George Eliot: Middlemarch

BOOK VII. TWO TEMPTATIONS.
70. CHAPTER LXX. (continued)

Early in the morning--about six--Mr. Bulstrode rose and spent some time in prayer. Does any one suppose that private prayer is necessarily candid--necessarily goes to the roots of action? Private prayer is inaudible speech, and speech is representative: who can represent himself just as he is, even in his own reflections? Bulstrode had not yet unravelled in his thought the confused promptings of the last four-and-twenty hours.

He listened in the passage, and could hear hard stertorous breathing. Then he walked out in the garden, and looked at the early rime on the grass and fresh spring leaves. When he re-entered the house, he felt startled at the sight of Mrs.
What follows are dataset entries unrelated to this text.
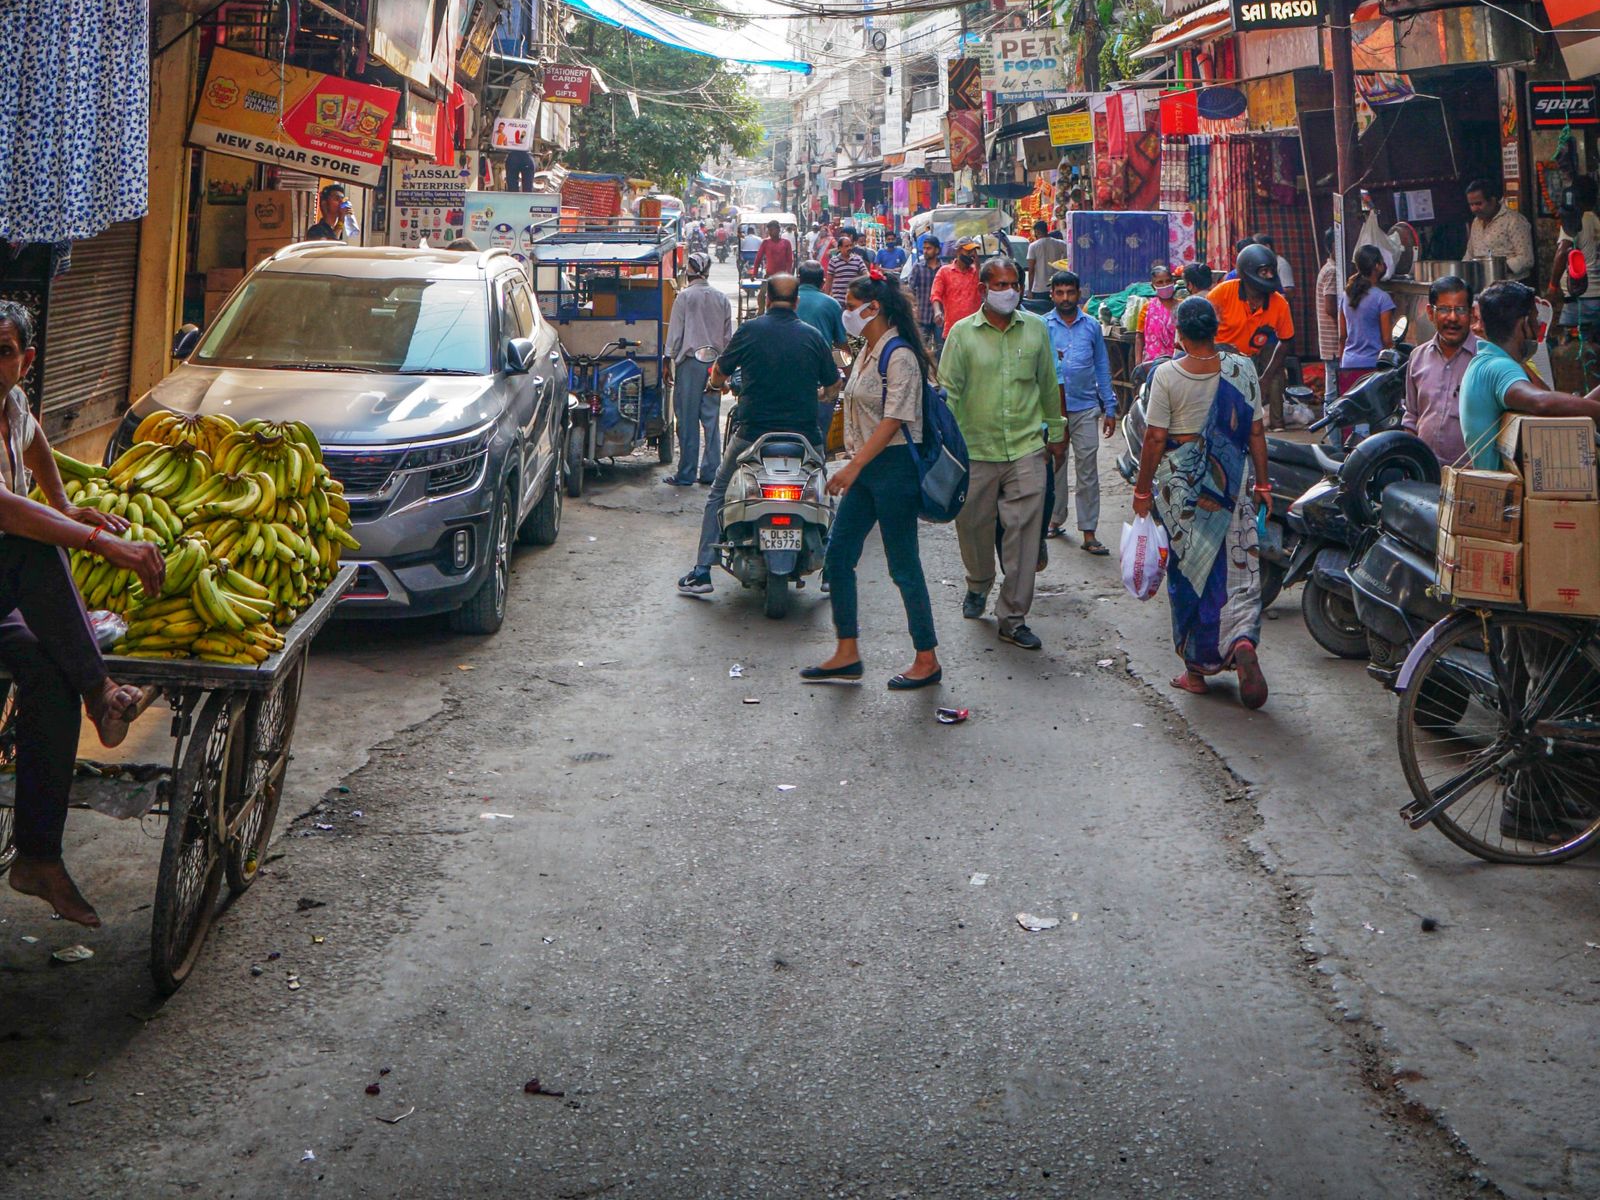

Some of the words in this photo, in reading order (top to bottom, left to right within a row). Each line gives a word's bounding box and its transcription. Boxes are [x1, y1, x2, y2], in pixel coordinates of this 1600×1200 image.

[1241, 3, 1266, 22] SAI
[1271, 0, 1318, 20] RASOI
[1001, 36, 1056, 59] PET
[1003, 58, 1057, 72] FOOD
[547, 68, 589, 77] STATIONERY
[1535, 98, 1590, 113] sparx
[215, 132, 252, 150] NEW
[254, 141, 306, 163] SAGAR
[310, 155, 361, 176] STORE
[412, 169, 459, 179] JASSAL
[402, 182, 466, 190] ENTERPRISE
[770, 530, 794, 539] DL3S
[764, 540, 800, 549] CK9776
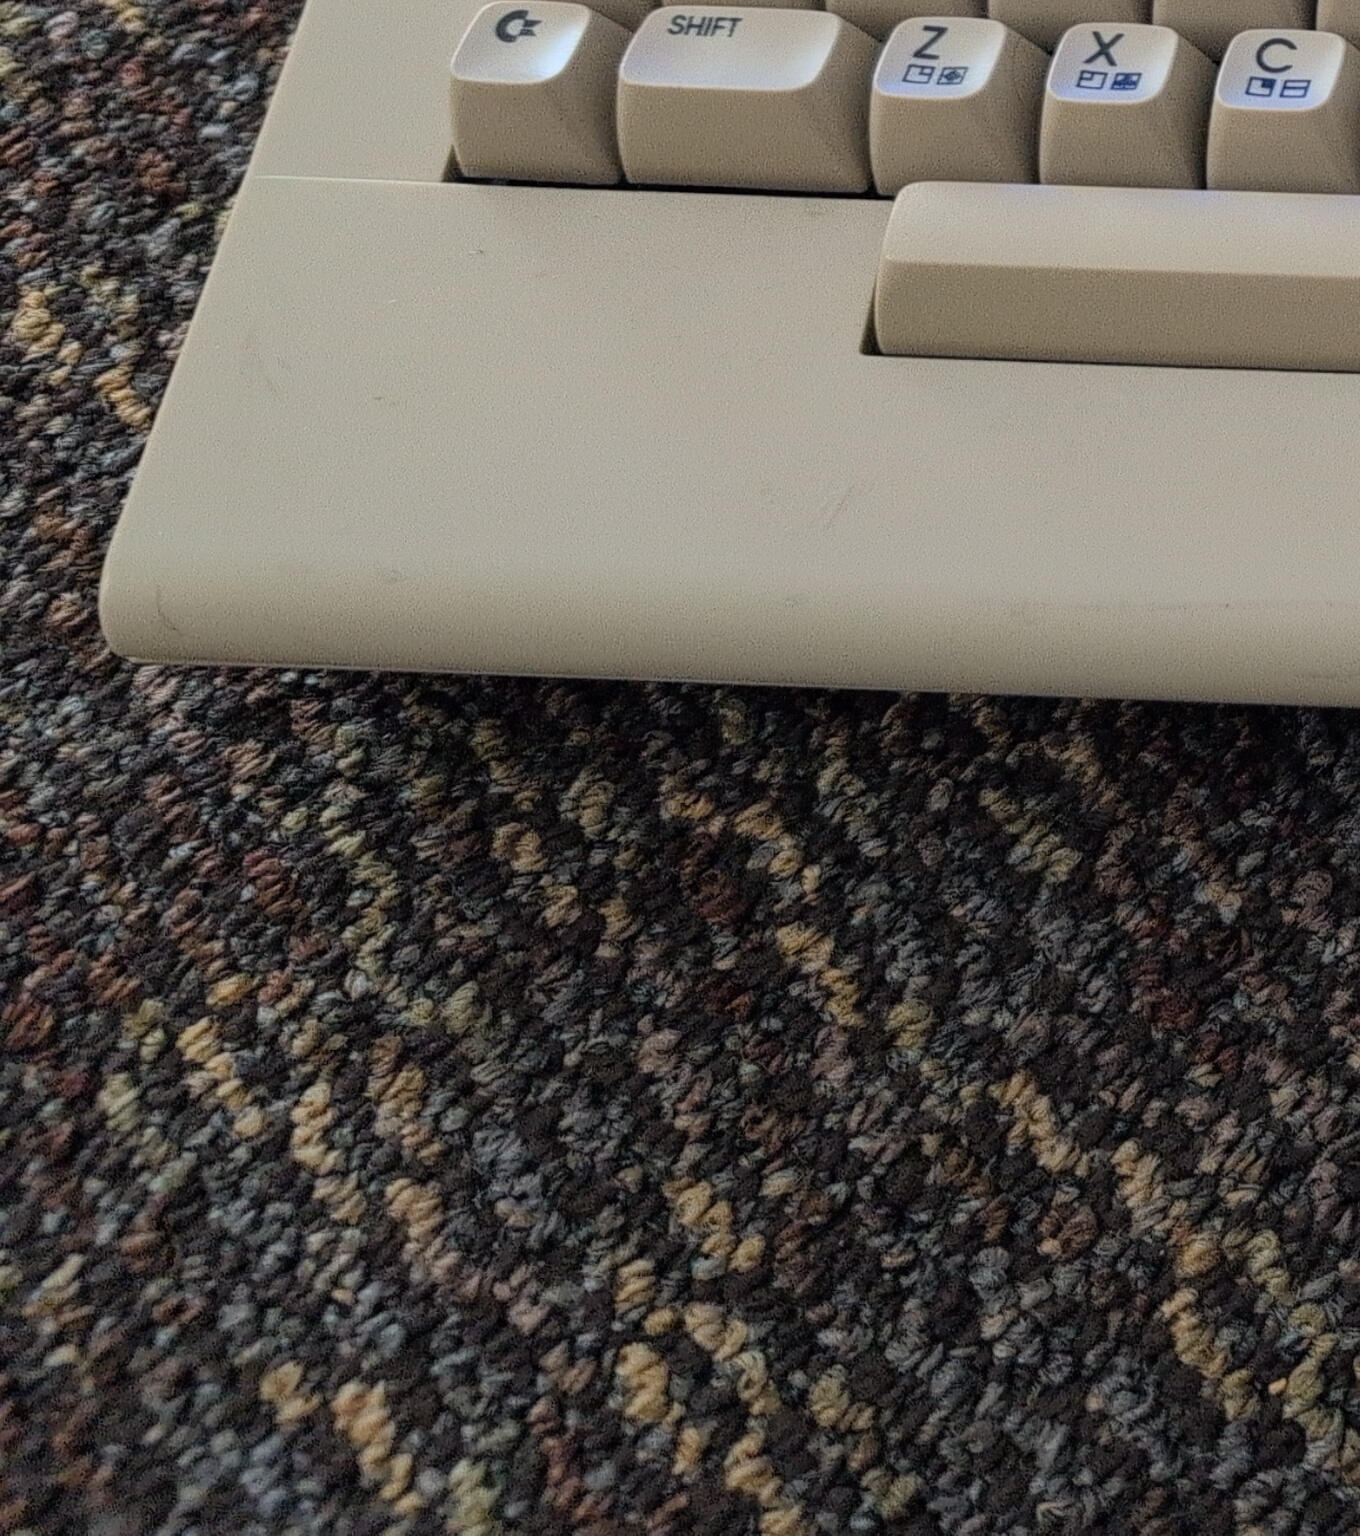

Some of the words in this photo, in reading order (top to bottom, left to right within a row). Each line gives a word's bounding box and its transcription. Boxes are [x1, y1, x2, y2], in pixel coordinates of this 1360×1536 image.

[667, 14, 742, 37] SHIFT
[912, 25, 948, 60] Z
[1084, 31, 1124, 67] X
[1255, 37, 1297, 74] C
Abel.

"How is your patient--asleep, I think?" he said, with an attempt at cheerfulness in his tone.

"He's gone very deep, sir," said Mrs. Abel. "He went off gradual between three and four o'clock. Would you please to go and look at him? I thought it no harm to leave him. My man's gone afield, and the little girl's seeing to the kettles."
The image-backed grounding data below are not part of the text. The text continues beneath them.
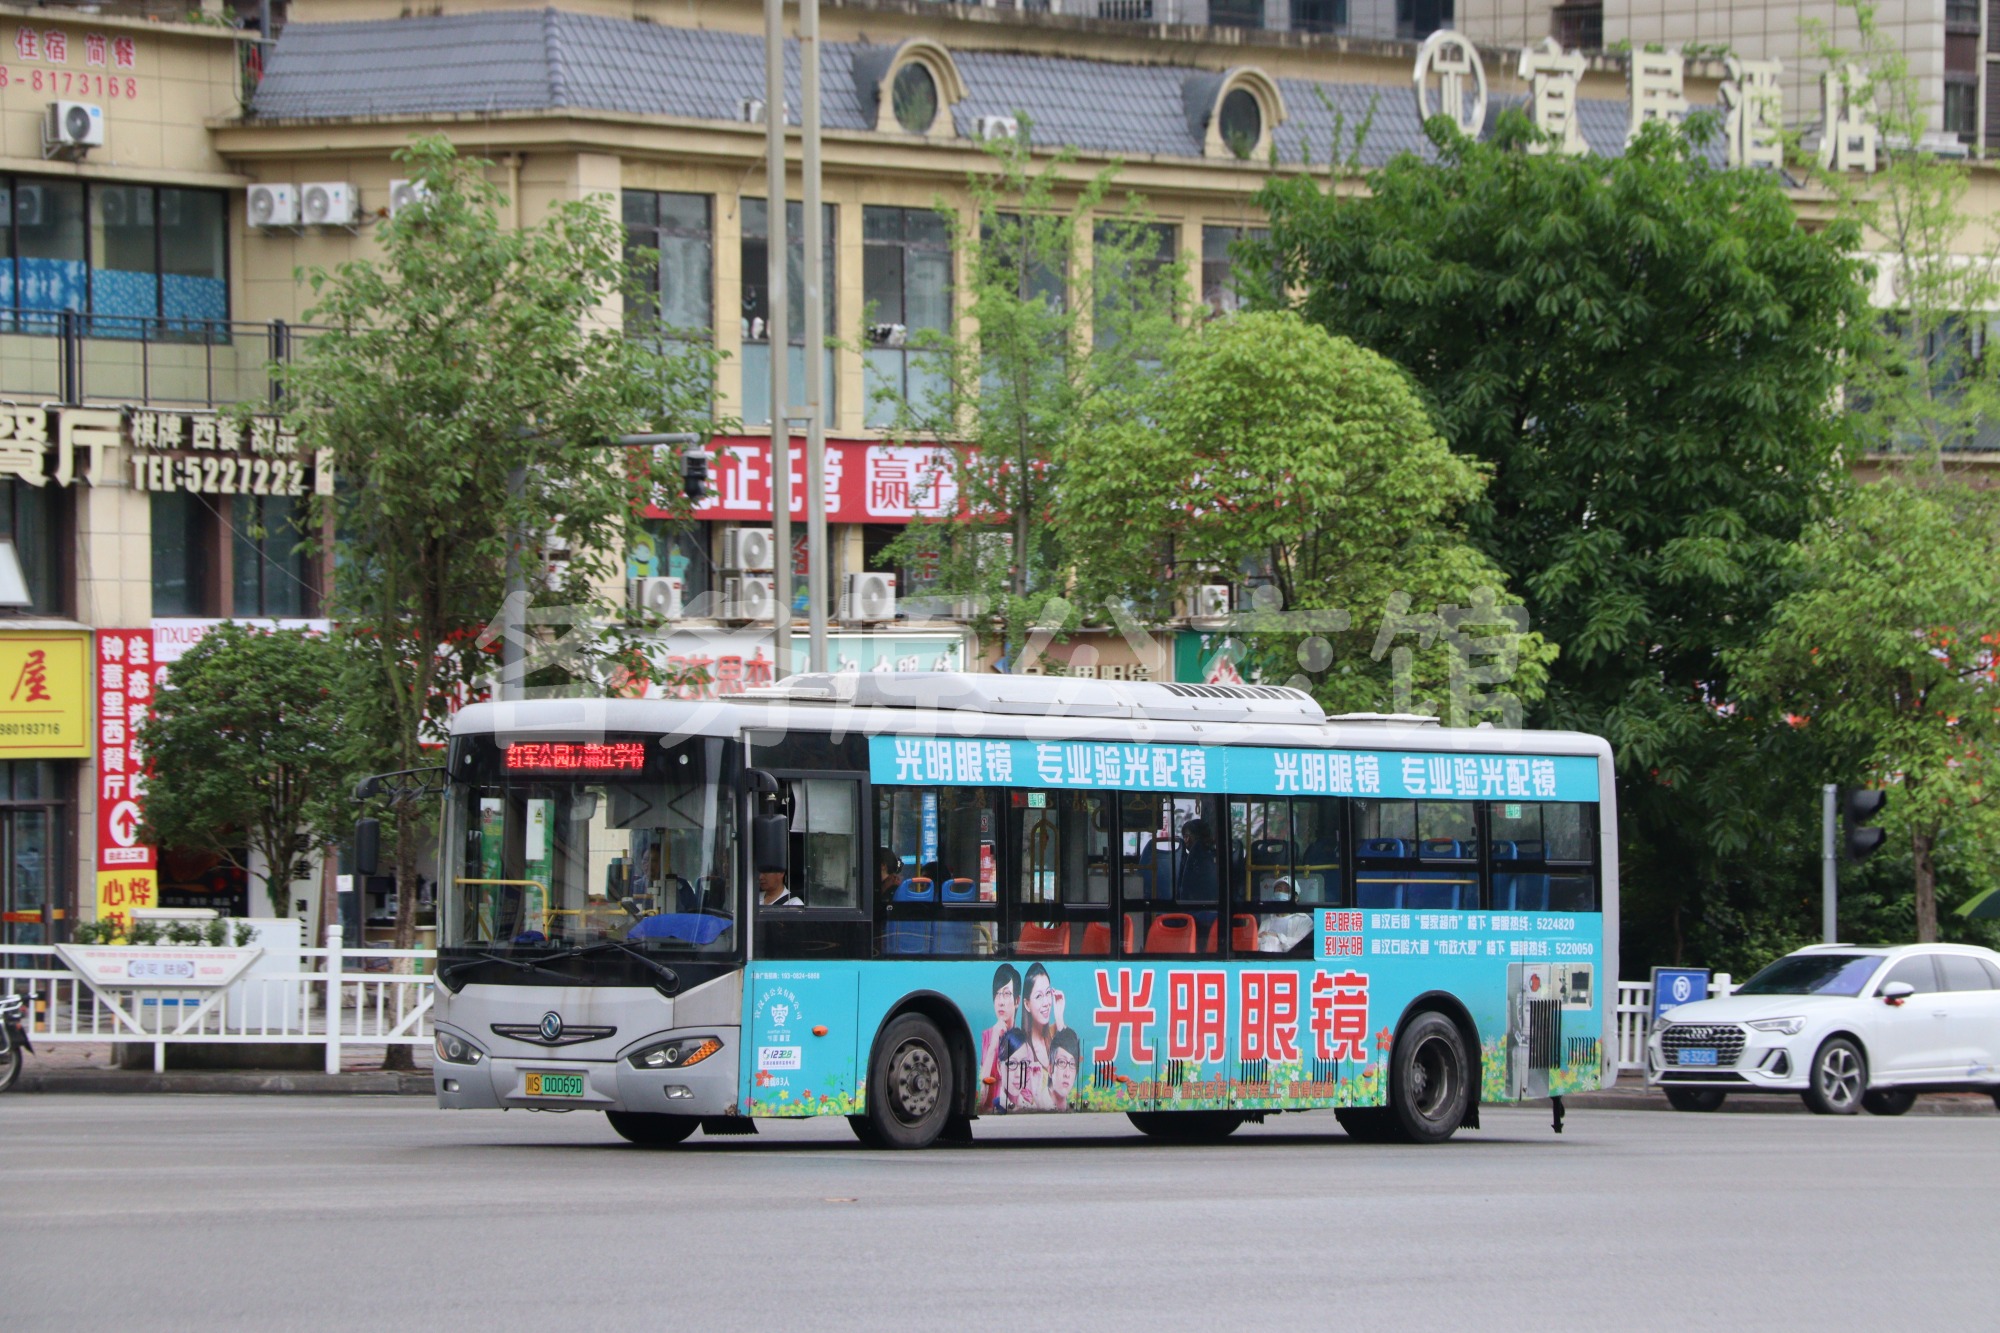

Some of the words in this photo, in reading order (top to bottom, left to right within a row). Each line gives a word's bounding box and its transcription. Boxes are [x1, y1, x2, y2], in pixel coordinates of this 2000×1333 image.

[15, 27, 68, 64] 住宿
[84, 33, 136, 70] 简餐
[0, 407, 122, 488] 餐厅
[131, 411, 182, 449] 棋牌
[192, 415, 240, 451] 西餐
[131, 455, 305, 496] TEL:5227222
[10, 649, 52, 703] 屋
[895, 740, 1013, 783] 光明眼镜
[1036, 744, 1207, 789] 专业验光配镜
[1274, 752, 1381, 794] 光明眼镜
[1401, 756, 1557, 797] 专业验光配镜
[1324, 911, 1364, 932] 配眼镜
[1324, 935, 1364, 956] 到光明
[1092, 967, 1370, 1065] 光明眼镜
[1181, 1081, 1229, 1100] 款式多样
[1236, 1081, 1282, 1099] 服务至上
[1288, 1081, 1335, 1099] 值得信赖
Bulstrode went up. At a glance he knew that Raffles was not in the sleep which brings revival, but in the sleep which streams deeper and deeper into the gulf of death.
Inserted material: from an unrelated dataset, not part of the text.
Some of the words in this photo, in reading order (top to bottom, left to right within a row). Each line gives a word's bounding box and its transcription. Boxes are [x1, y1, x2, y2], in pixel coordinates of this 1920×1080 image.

He looked round the room and saw a bottle with some brandy in it, and the almost empty opium phial. He put the phial out of sight, and carried the brandy-bottle down-stairs with him, locking it again in the wine-cooler.

While breakfasting he considered whether he should ride to Middlemarch at once, or wait for Lydgate's arrival. He decided to wait, and told Mrs. Abel that she might go about her work-- he could watch in the bed-chamber.